Word for word, print each line of the listing below; pictures stay out.
::: RECORDS SHOWN
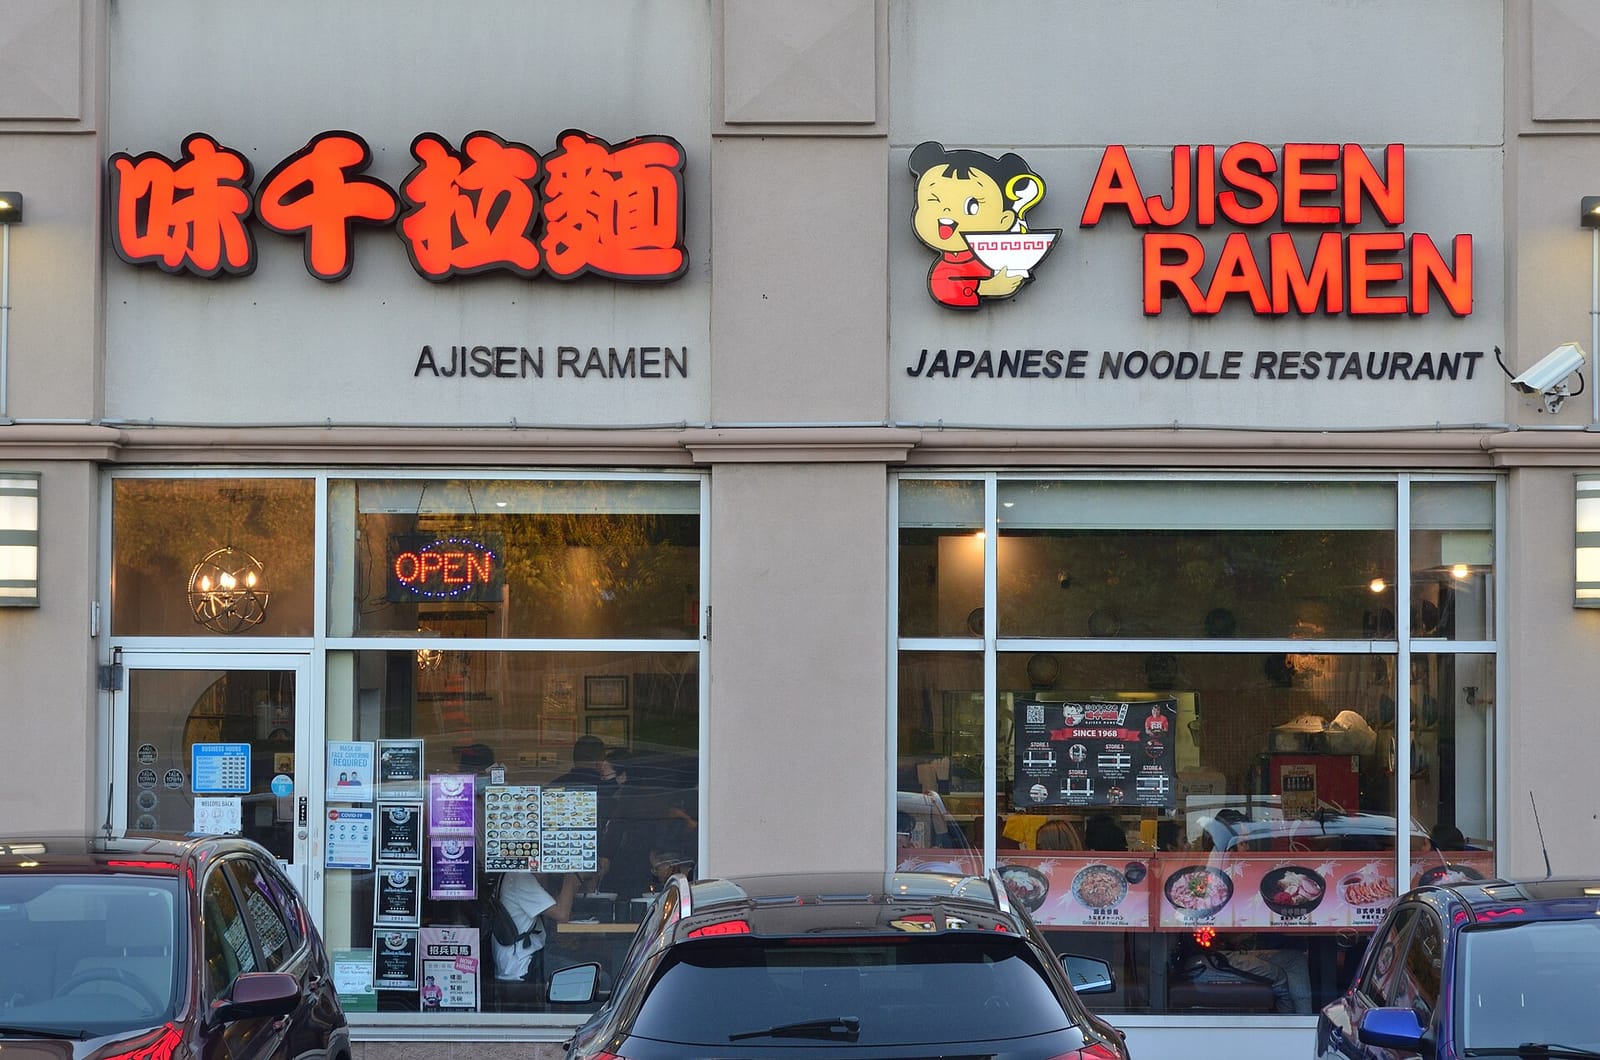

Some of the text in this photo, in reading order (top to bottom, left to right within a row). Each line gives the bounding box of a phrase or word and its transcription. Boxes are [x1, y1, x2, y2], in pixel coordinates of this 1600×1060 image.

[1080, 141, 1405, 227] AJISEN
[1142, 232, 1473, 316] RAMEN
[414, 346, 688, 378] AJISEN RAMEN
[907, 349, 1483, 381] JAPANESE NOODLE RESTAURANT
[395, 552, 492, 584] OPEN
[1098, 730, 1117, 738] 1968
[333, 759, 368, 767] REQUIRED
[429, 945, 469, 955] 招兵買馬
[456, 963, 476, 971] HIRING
::::::
» **THE COMPLETED TASK**:
Some of the text in this photo, in reading order (top to bottom, left to right within a row). Each line gives the bounding box of a phrase or word and its transcription. Boxes are [x1, y1, x2, y2], in pixel coordinates of this 1600×1060 image.

[1080, 141, 1405, 227] AJISEN
[1142, 232, 1473, 316] RAMEN
[414, 346, 688, 378] AJISEN RAMEN
[907, 349, 1483, 381] JAPANESE NOODLE RESTAURANT
[395, 552, 492, 584] OPEN
[1098, 730, 1117, 738] 1968
[333, 759, 368, 767] REQUIRED
[429, 945, 469, 955] 招兵買馬
[456, 963, 476, 971] HIRING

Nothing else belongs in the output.